Ibrutinib is active in patients with previously treated marginal zone lymphoma (MZL) and has a good safety profile, the results of a multicenter, open-label phase II trial published in Blood suggest.

Nearly half of 63 patients responded to monotherapy with the once-daily oral inhibitor of Bruton tyrosine kinase, and ibrutinib was generally well tolerated, according to the study (Blood. 2017;129:2224-32). The results prompted the U.S. Food and Drug Administration to grant accelerated approval of ibrutinib for patients with MZL who were previously treated with at least one prior anti-CD20–based therapy.

“MZL is frequently linked to chronic infection, which may induce B-cell receptor (BCR) signaling, resulting in aberrant B-cell survival and proliferation,” note the investigators, who were led by Ariela Noy, MD, a hematologic oncologist with the Lymphoma Service at the Memorial Sloan-Kettering Cancer Center, New York. “Single-agent ibrutinib induced durable responses with a favorable benefit–risk profile in patients with previously treated MZL, confirming the role of BCR signaling in this malignancy.”
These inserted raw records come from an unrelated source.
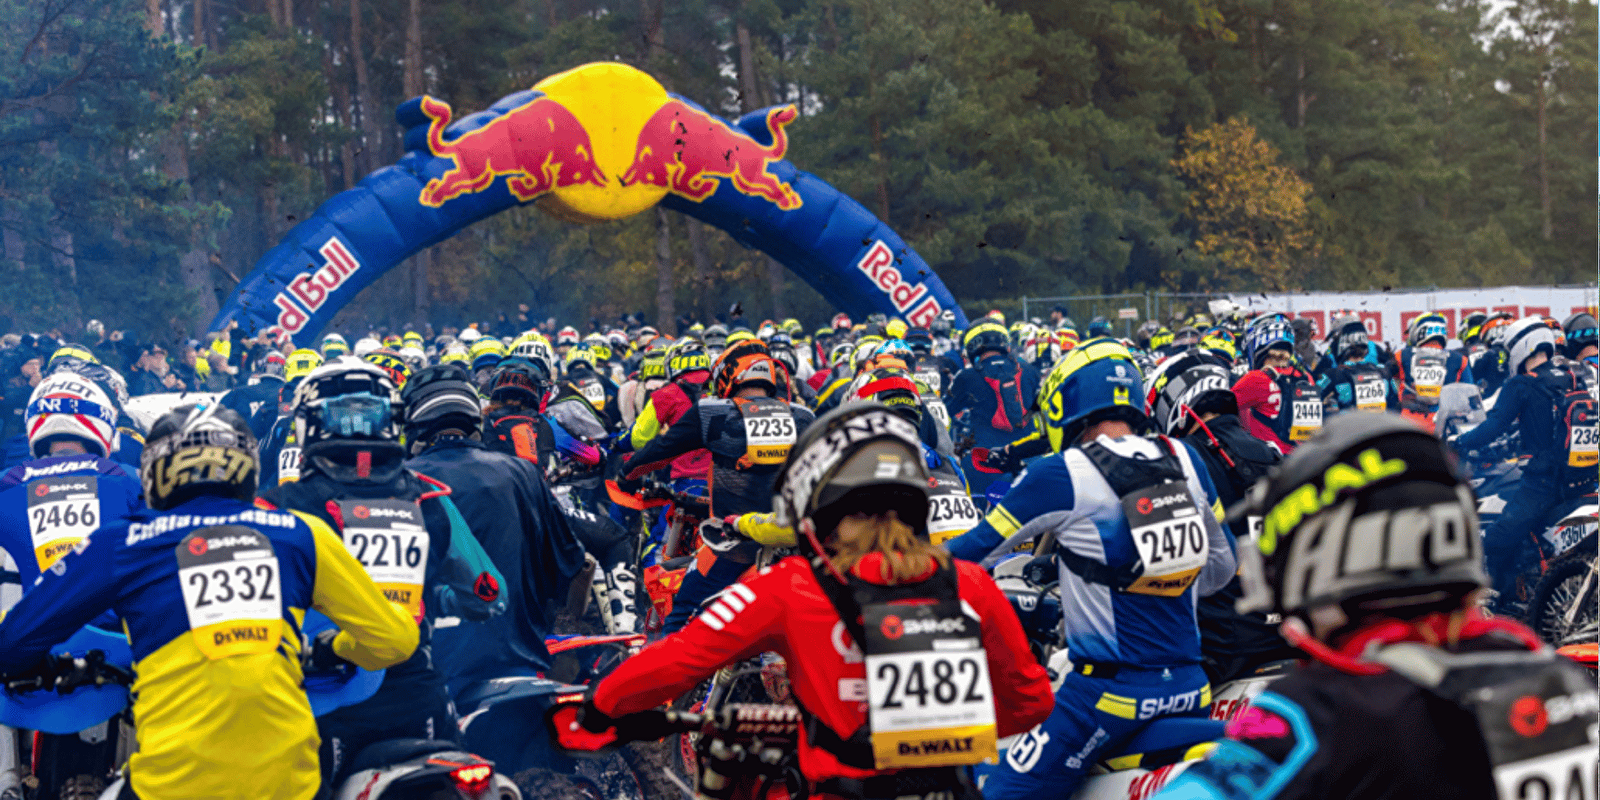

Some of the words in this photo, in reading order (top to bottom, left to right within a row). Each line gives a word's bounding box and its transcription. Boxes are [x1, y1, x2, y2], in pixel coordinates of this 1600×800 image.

[286, 235, 361, 314] Bull
[857, 239, 928, 313] Red
[1416, 369, 1443, 381] 2209
[1358, 384, 1384, 400] 2266
[1295, 403, 1321, 420] 2444
[748, 418, 794, 437] 2235
[1573, 428, 1599, 445] 236
[33, 503, 96, 535] 2466
[929, 497, 976, 522] 2348
[351, 533, 422, 568] 2216
[1141, 521, 1204, 565] 2470
[189, 564, 275, 608] 2332
[878, 659, 984, 710] 2482
[1138, 690, 1200, 720] SHOT
“As the only approved therapy, ibrutinib provides a treatment option without chemotherapy for MZL,” they maintain. “Future studies will investigate ibrutinib in treatment-naive patients or as combination strategies in relapsed/refractory MZL.”

In the trial, which was funded by Pharmacyclics, an AbbVie Company, patients with MZL of all subtypes who had received at least one prior therapy with an anti-CD20 antibody–containing regimen were treated with 560 mg ibrutinib (Imbruvica) orally once daily. The median number of prior systemic therapies was two, and 63% had received prior chemoimmunotherapy.
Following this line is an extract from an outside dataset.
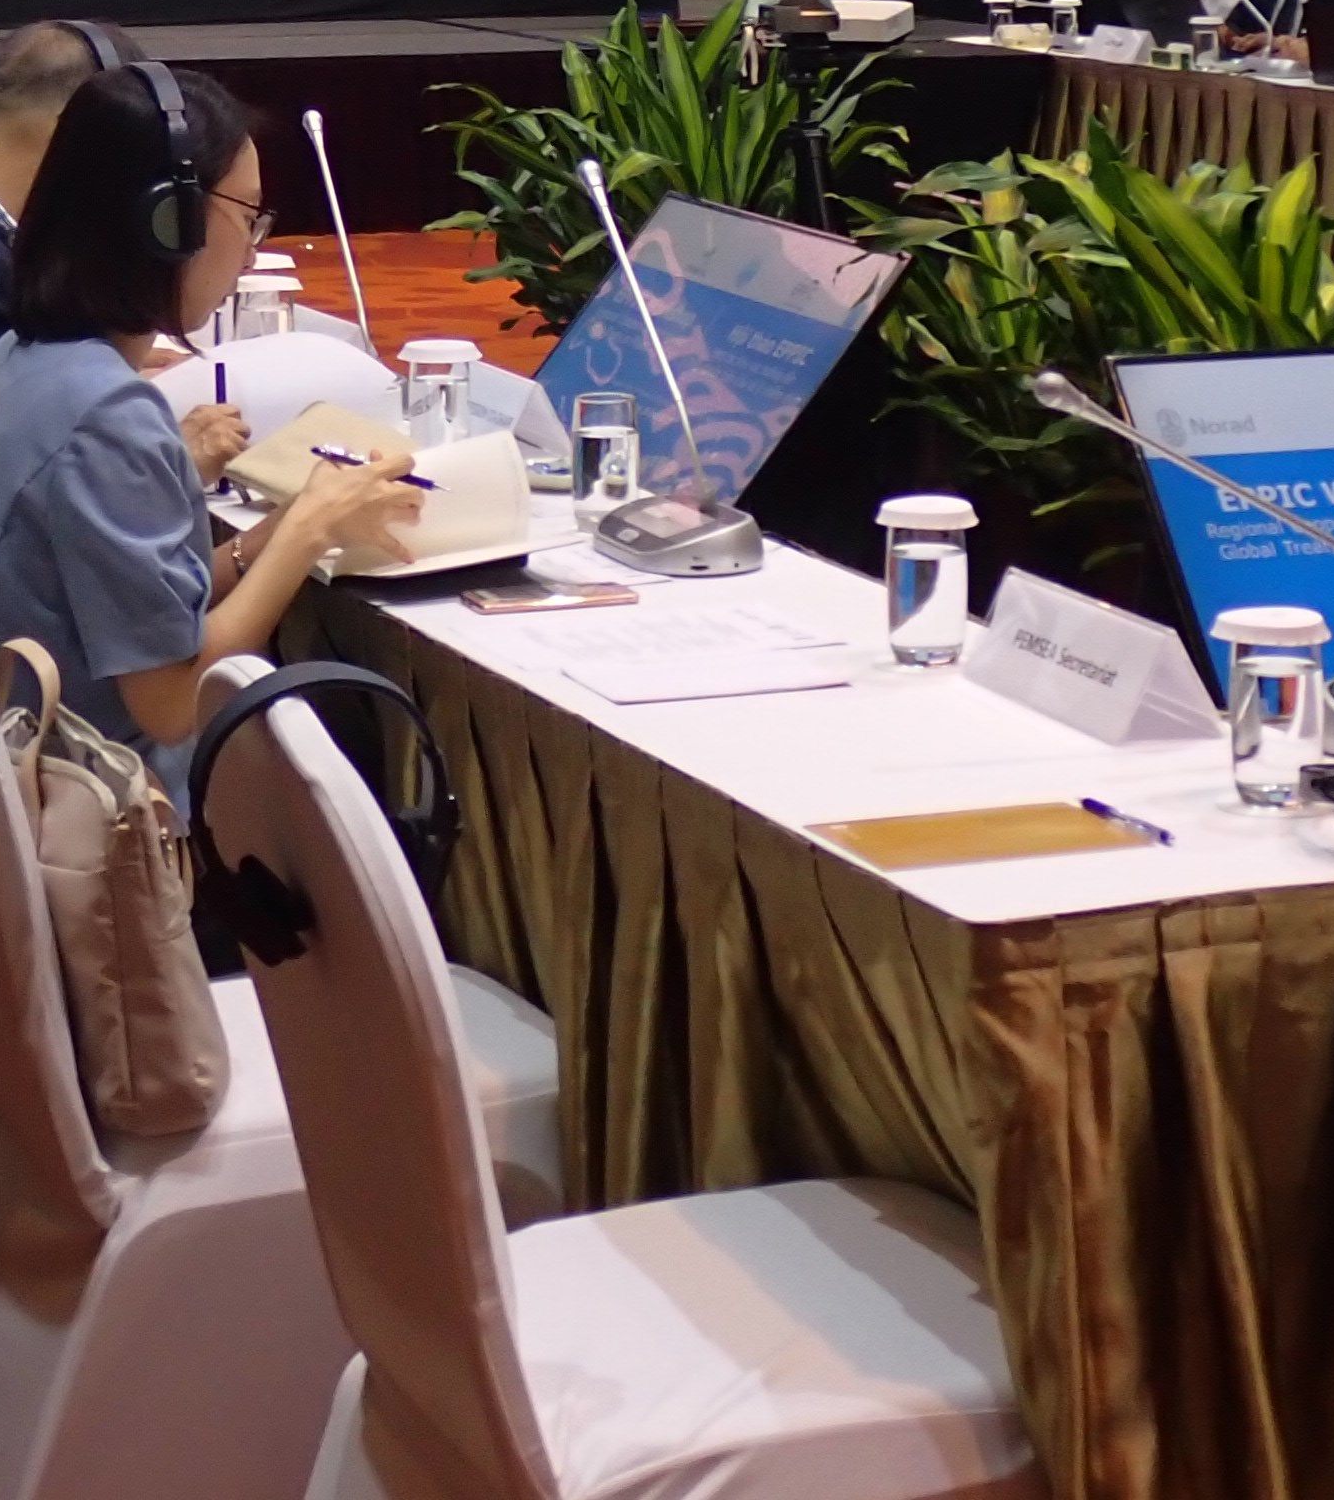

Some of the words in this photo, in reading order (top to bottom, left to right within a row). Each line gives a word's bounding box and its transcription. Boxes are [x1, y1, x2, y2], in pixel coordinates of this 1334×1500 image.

[1190, 415, 1256, 436] Norad
[1205, 521, 1283, 541] Regional
[1219, 541, 1276, 561] Global
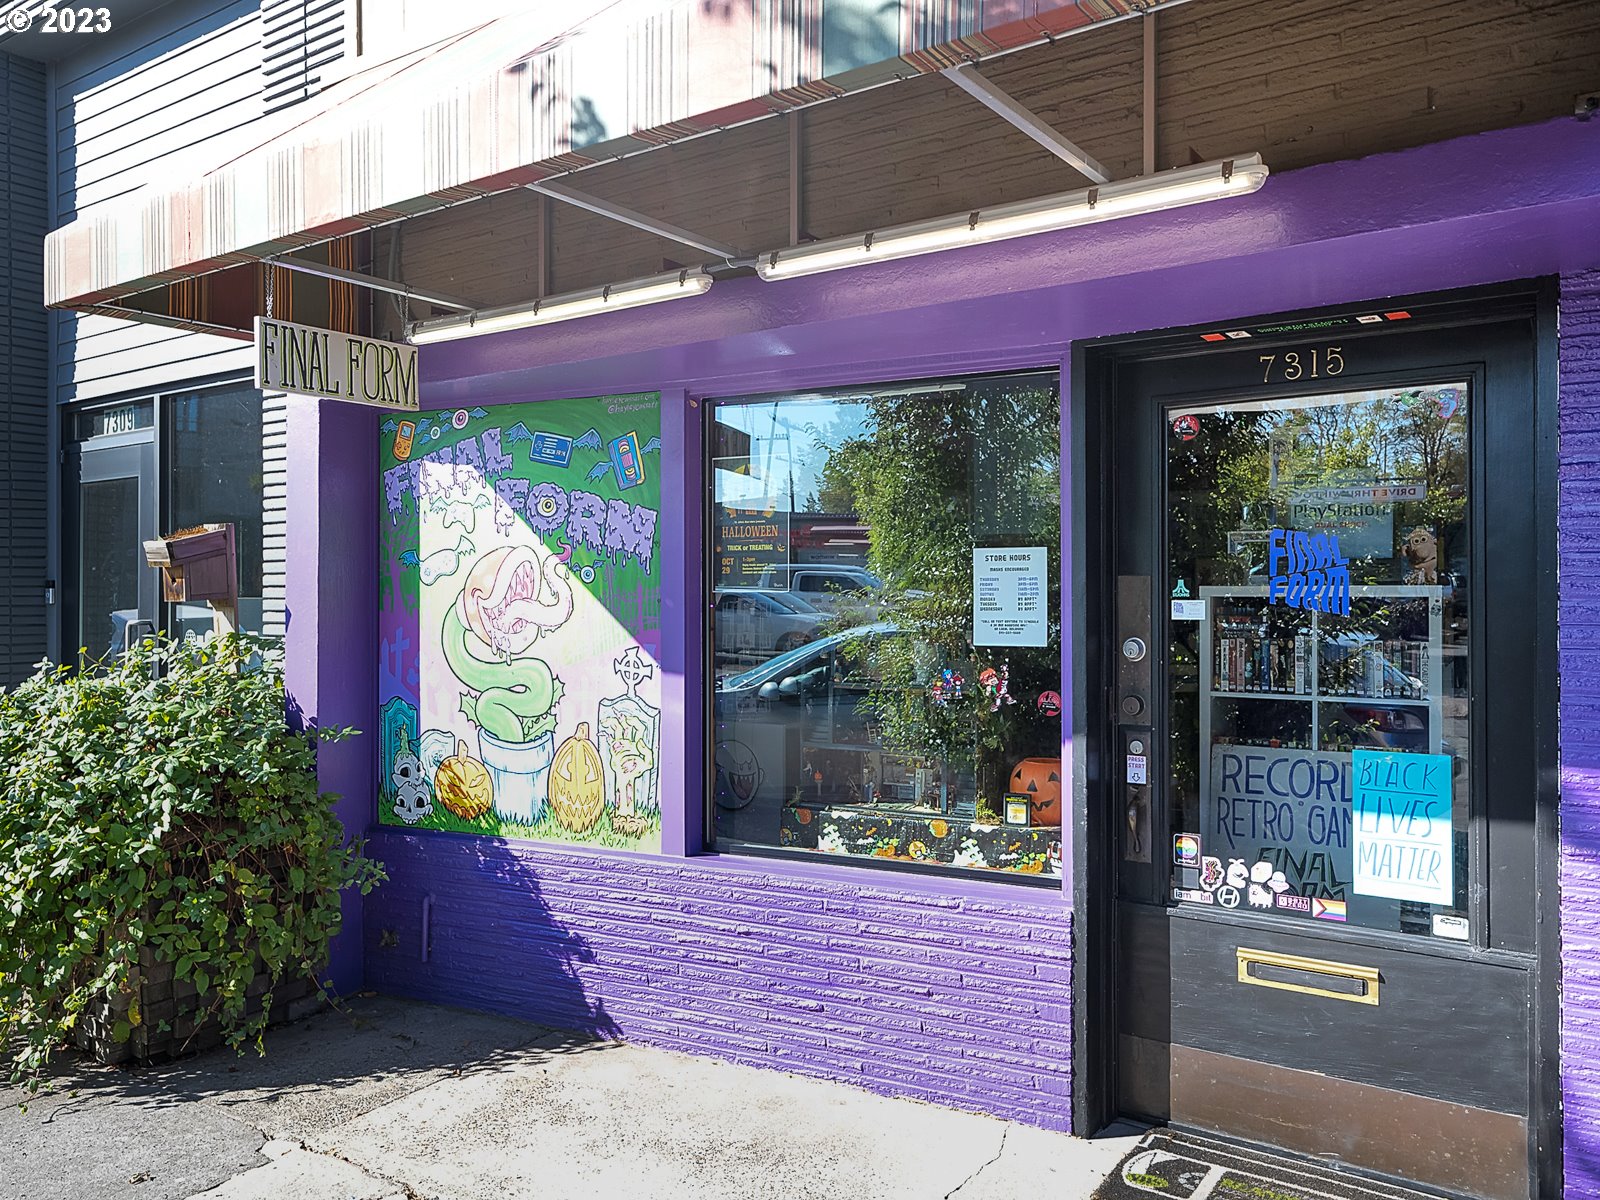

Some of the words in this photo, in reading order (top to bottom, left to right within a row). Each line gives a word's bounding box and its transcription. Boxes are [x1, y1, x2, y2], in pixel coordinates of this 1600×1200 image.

The overall response rate, as assessed by an independent review committee using 2007 International Working Group criteria – the trial’s primary endpoint – was 48%, according to the published results. Benefit was similar across patients who differed regarding MZL subtype, number of prior regimen, and previous receipt of chemoimmunotherapy

After a 19.4-month median follow-up, the median duration of response was not reached, and median progression-free survival was 14.2 months.

The most common grade 3 or worse adverse events were anemia (14%), pneumonia (8%), and fatigue (6%). Serious adverse events of any grade affected 44% of patients. The most common was grade 3 or 4 pneumonia. Adverse events led to treatment discontinuation in 17% of patients and dose reductions in 10%.

“Due to evidence of pseudoprogression in our trial … biopsies may be warranted to differentiate between true lymphoma progression and immune-mediated antitumor response,” the investigators note.

Dr. Noy disclosed that she has received research funding from Pharmacyclics.